[[ Supplied records open ]]
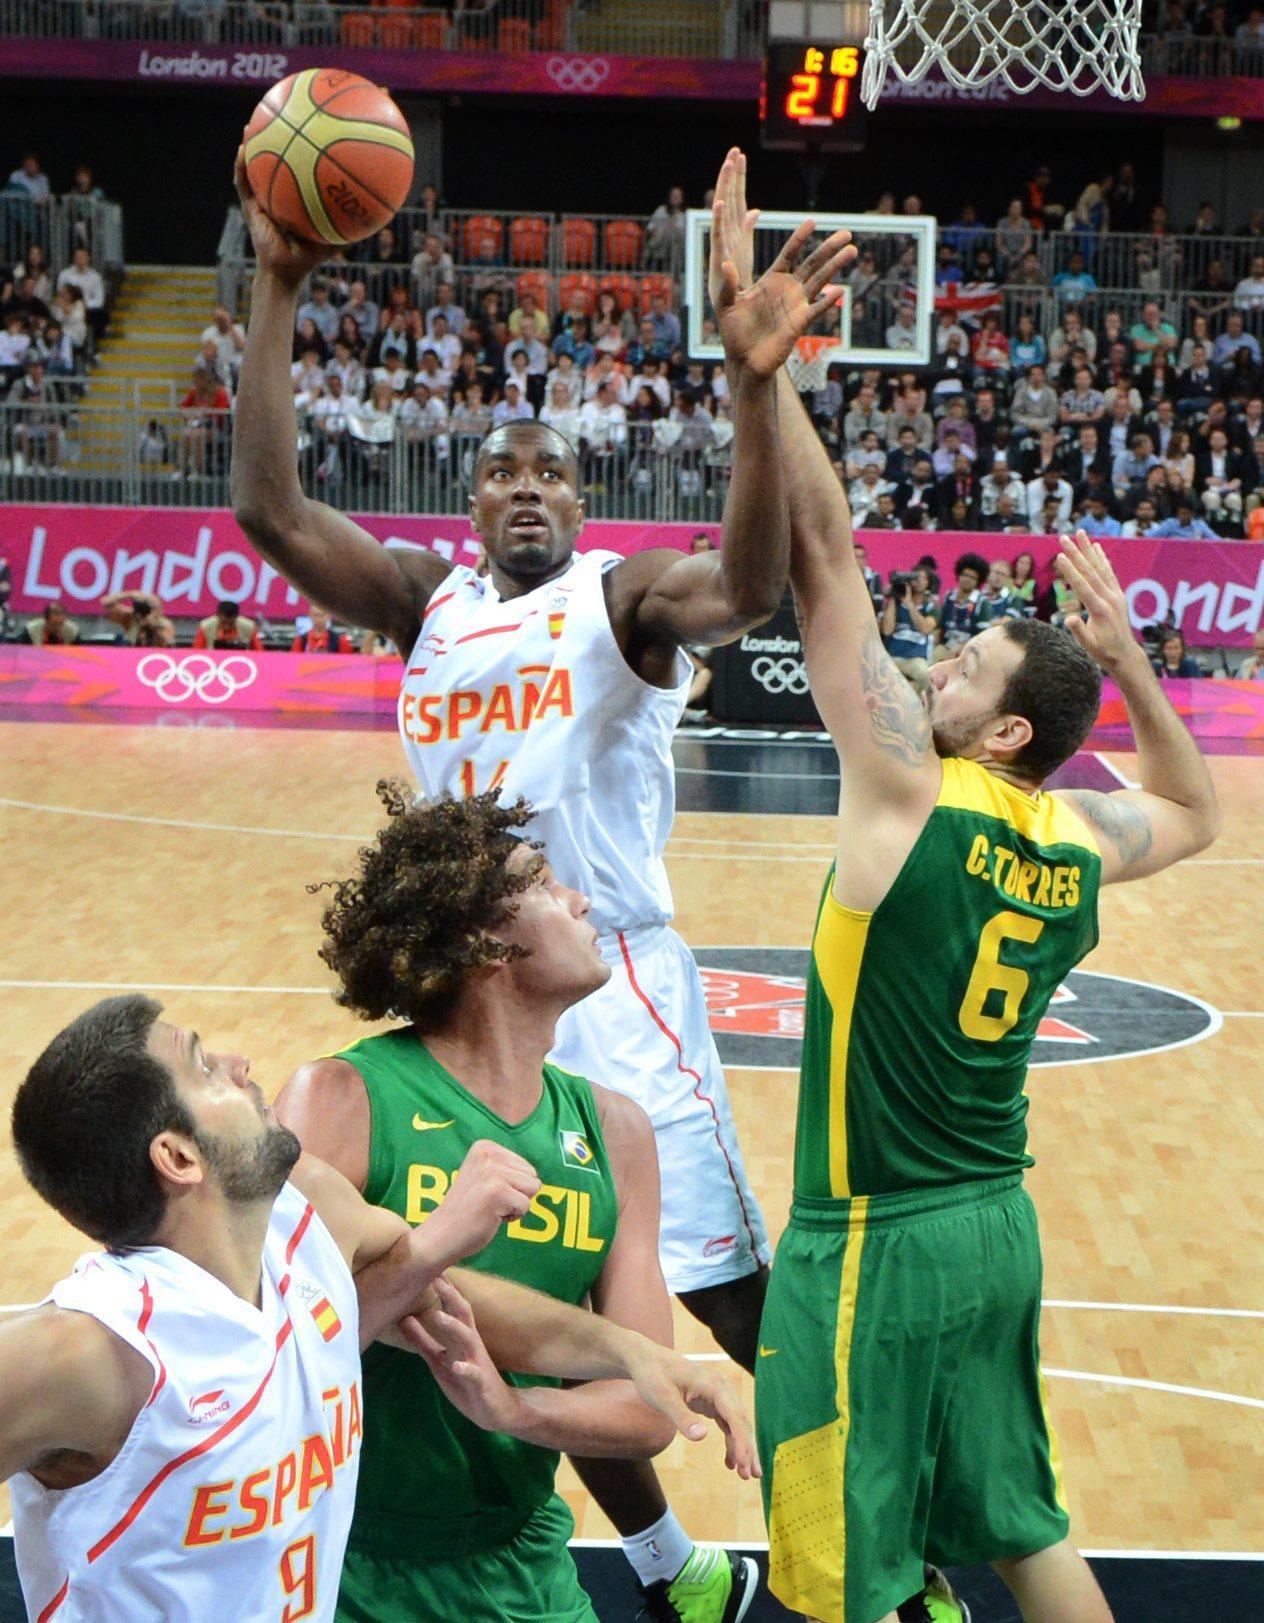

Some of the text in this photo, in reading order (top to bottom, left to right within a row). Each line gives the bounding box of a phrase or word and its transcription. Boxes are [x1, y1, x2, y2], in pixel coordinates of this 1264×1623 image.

[138, 51, 288, 78] London 2012
[786, 74, 848, 118] 21
[879, 79, 952, 99] ondon
[23, 526, 299, 606] London
[1125, 559, 1264, 633] ond
[740, 634, 801, 653] London
[402, 664, 575, 744] ESPAÑA
[965, 834, 1081, 908] C.TORRES
[958, 910, 1044, 1042] 6
[405, 1163, 605, 1253] BSIL
[279, 1533, 316, 1623] 9
[[ Supplied records closed ]]
Print out every record above exactly as given. Do not include the pictures.

Some of the text in this photo, in reading order (top to bottom, left to right within a row). Each line gives the bounding box of a phrase or word and its transcription. Boxes are [x1, y1, x2, y2], in pixel coordinates of this 1264×1623 image.

[138, 51, 288, 78] London 2012
[786, 74, 848, 118] 21
[879, 79, 952, 99] ondon
[23, 526, 299, 606] London
[1125, 559, 1264, 633] ond
[740, 634, 801, 653] London
[402, 664, 575, 744] ESPAÑA
[965, 834, 1081, 908] C.TORRES
[958, 910, 1044, 1042] 6
[405, 1163, 605, 1253] BSIL
[279, 1533, 316, 1623] 9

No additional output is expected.